わが国IT開発拠点の中国移転に関する調査
(1) 急激な成長を支える政策
国の政策実施は即断即決に加えて即実行。独裁体制の国家であることが奏功し非常に効率が良い。その反面、政府や地方政府の腐敗があり、人々の意欲を削ぐ面もあるが、中国ではそうした状況は珍しくない。人々はそれに対応する術も心得ている。
中国の企業には品質に対する意識が希薄であるとの指摘があるが、例えば北京市では企業のISO認証取得やCMMへの取組みに対して奨励金を出すなどの政策を実行している。

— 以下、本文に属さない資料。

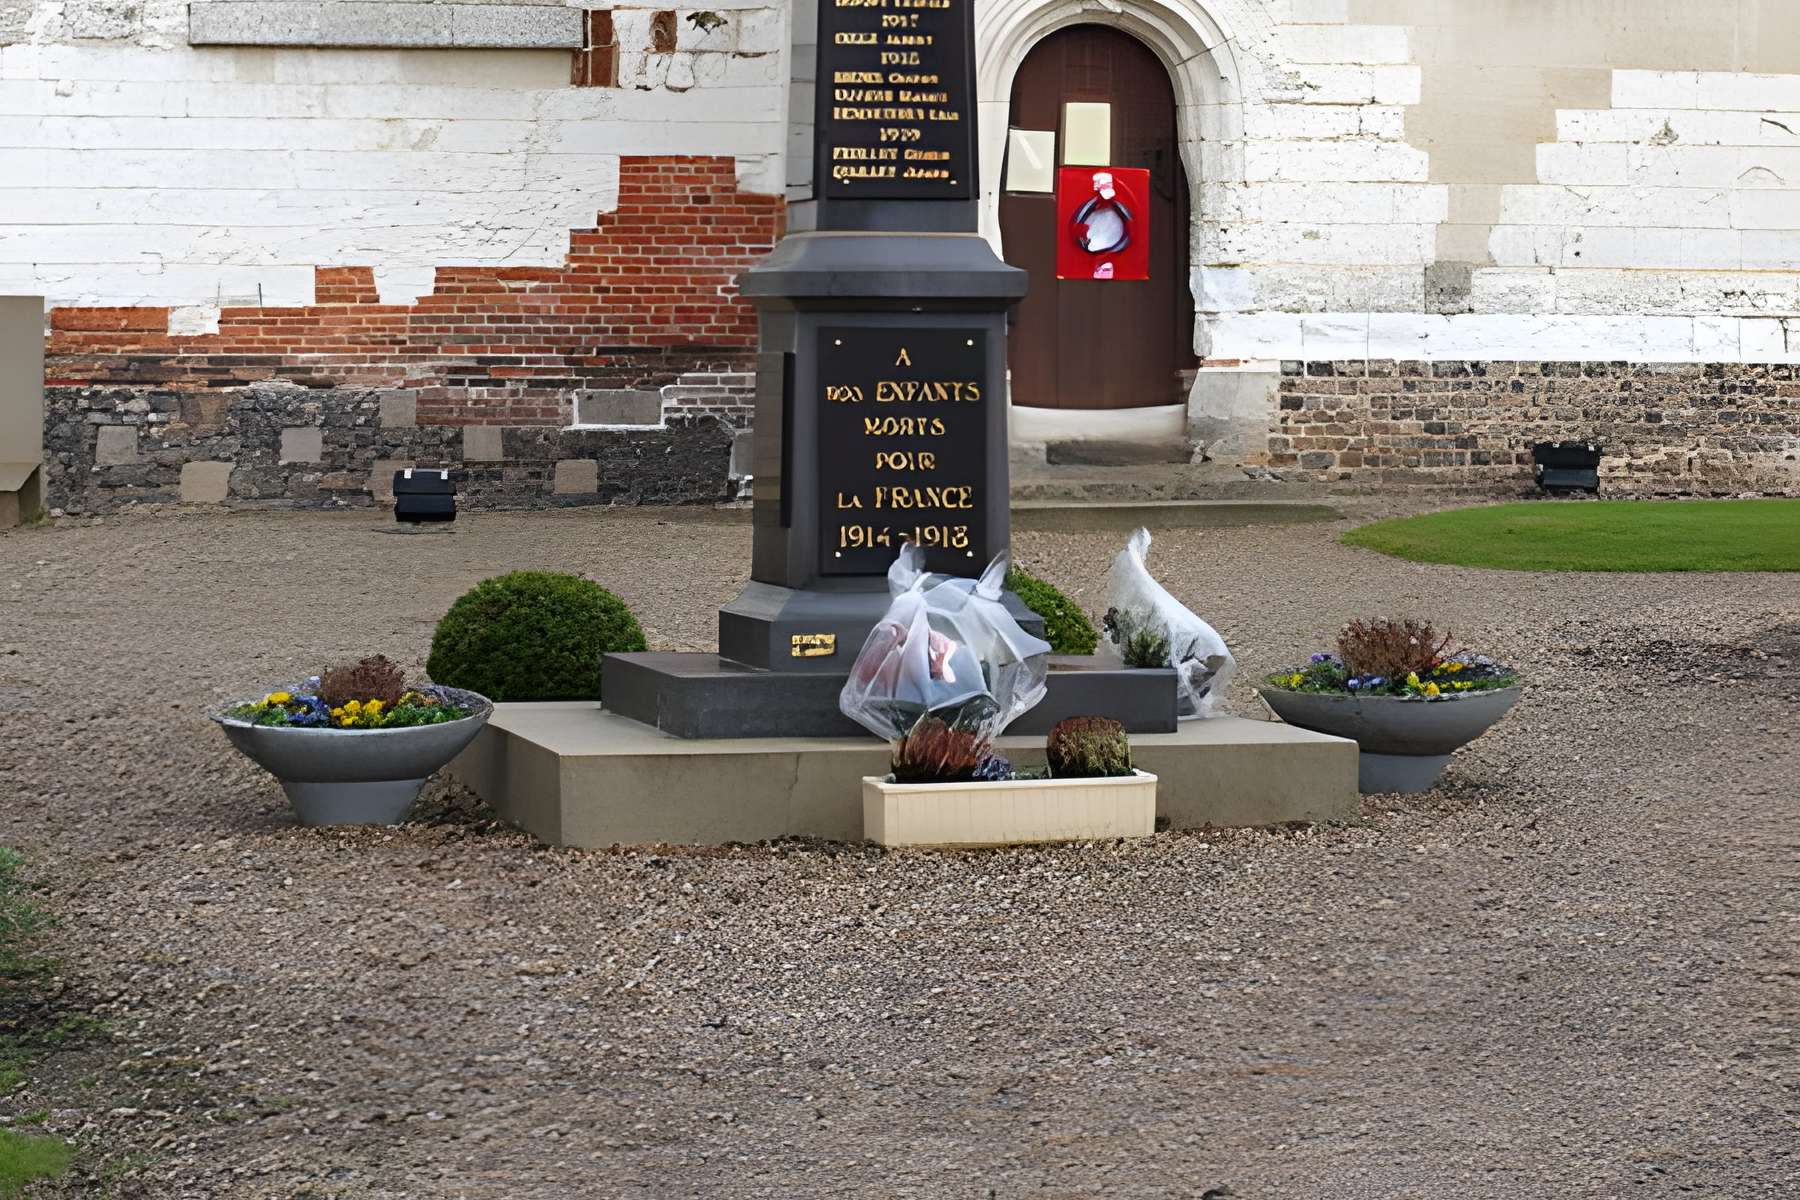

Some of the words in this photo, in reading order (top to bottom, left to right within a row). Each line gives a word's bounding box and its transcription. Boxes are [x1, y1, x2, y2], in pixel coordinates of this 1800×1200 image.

[895, 347, 912, 367] A
[876, 380, 981, 402] ENFANTS
[863, 416, 946, 436] MORTS
[874, 485, 974, 509] FRANCE

こうした国や地方政府の育成政策、発展しつつある国内市場、グローバル化がもたらした外国企業向け市場、積極性に富む人材、などで急激な成長を遂げた。
(2) 人材育成
急激なキャッチアップのために人材育成が重要な課題となっている。
- 若年層からの教育
鄧小平の政策の結果、若年層からの教育の必要性が認識されている。
- 大学での教育
大学ではきわめて実践的な知識・技術を主体に教育している。米国企業の資格制度のための授業や大学独自の資格制度などもある。こうした実用的な技術の教育の成果で、たとえばWEBアプリケーション業務で新しいツールを導入して開発する、というような作業では日本より技術力がある。
- IT関連企業内の教育
急激な社員の増大への対応のため、採用後三ヶ月間はトレーニングのみで人材の即成を実施している企業もある。労働契約は2~3年の時限があるので流動性は避けられず、教育等で投資したが退職されたという例は良くある。これを織り込んだマネジメントが重要。

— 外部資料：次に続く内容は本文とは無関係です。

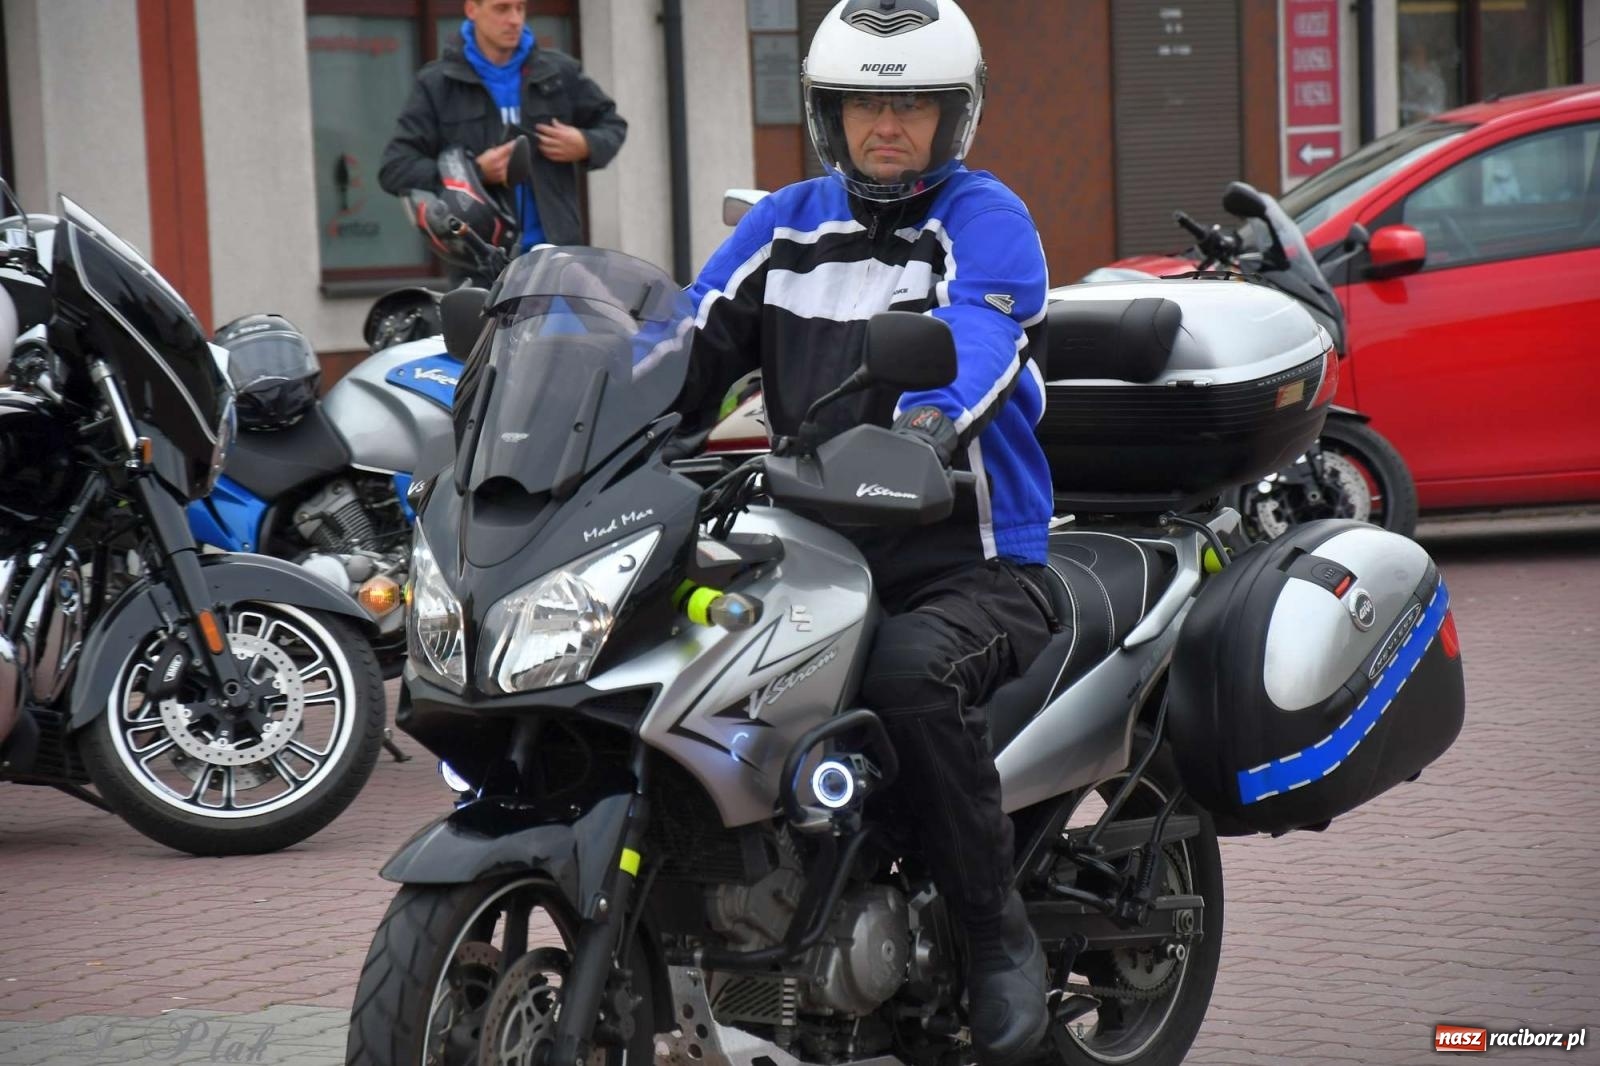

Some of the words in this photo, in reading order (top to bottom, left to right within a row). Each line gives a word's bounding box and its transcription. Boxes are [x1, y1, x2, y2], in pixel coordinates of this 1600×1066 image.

[860, 63, 907, 76] NOLAN
[583, 519, 618, 542] Mad
[620, 508, 654, 526] Max

中国は人材不足の状況を不利な点としてのみ考えず、逆にビジネスの芽と考える力強さを持っている。人材育成法についてのコンサルティングや教材、教育カリキュラムの提供などの教育市場が生まれ、これらに対応する企業を通してIT産業発展の要因ともなっている。IT関連企業が学校を作るようなことまで実施できる仕組みになっており、日本を市場と考え、日本人技術者を対象とした教育ビジネスを検討している企業もある。
(3) 未熟な産業基盤
急激な市場経済化が進められているが、国営企業、民間企業ともに十分にビジネスインフラが整っておらず、ルールを守らない企業も多い。さらに、中国におけるソフト産業がまだ若いので、ソフト開発という個人の能力に依存する産業における会社の占める位置(特に雇用関係)は未成熟である。たとえば、中国人技術者は「意欲」と「向上心」に優れているが、反面、仕様書以外のことに手をつけてはいけないような形態の仕事に満足できず、自分の能力が発揮できる職場に転職していく行動として現れ、しばしば「無責任」と言われてしまう。こういう人材をプラスの方向に向かわせるマネジメントが要求されており、会社の求心力強化のために作業環境改善や従業員に対するストックオプションなどの施策を講ずる企業も出始めている。
ソフトウェア分野では80年代から産業化が始まり、成功した企業は最初は会計システムの開発を手がけたところが多い。自前のERPを開発してもいるが、多くは会計システムをベースにしてインベントリなど付け加えただけで必ずしもユーザのニーズに合ったものとは言えない。ERPなどのソフトウェアは文化的な背景もあり外国製のものを使う訳に行かず、問題となっている。
またIT関連企業の形態として日本などの大手企業と中国側とで合弁で設立した会社が多いが、合弁双方の経営方針の相違と管理問題によって解散に追い込まれた企業も少なくない。
(4) 独自技術・製品開発への課題
一般的に言って中国には独自技術が無い。企業は自分の製品、独自技術を育成しなければならず、政府も独自技術開発の必要性を強く意識している。紅旗Linuxの開発もこの一環(Microsoft社のWindowsを使わないことが決まっている軍事分野では紅旗Linuxが使用されている)。データベースなど自前の技術がまだ十分に育っていない分野もある。
(5) 市場としての中国
中国のソフトウェア企業は自らの国を最大のターゲットを考えている。広大で未発達な内陸部、不安定なビジネスインフラなどを抱えて、いつ市場が具体的なものになるかは不明であるものの、e-Homeなどの先進的な分野においても自国をターゲット市場と考えている中国企業があり、市場化への動きは沿海部については相当早いことが予想される。
こうした動きにつれてソフトウェア産業の発展の可能性は特に高い。企業の数が急激に増えつつあり、また市場経済に入って管理レベルが高くなりつつあることも企業向けソフトウェアの大きな需要につながっている。今後5年くらいはニーズが増え、マーケットが大きくなるだろう。さらに良い材料は情報技術分野のテクノロジートランスファーが車の生産などに比較して簡単であり、しかも製造業のように大規模コストのかかる産業集積を必ずしも必要としない点である。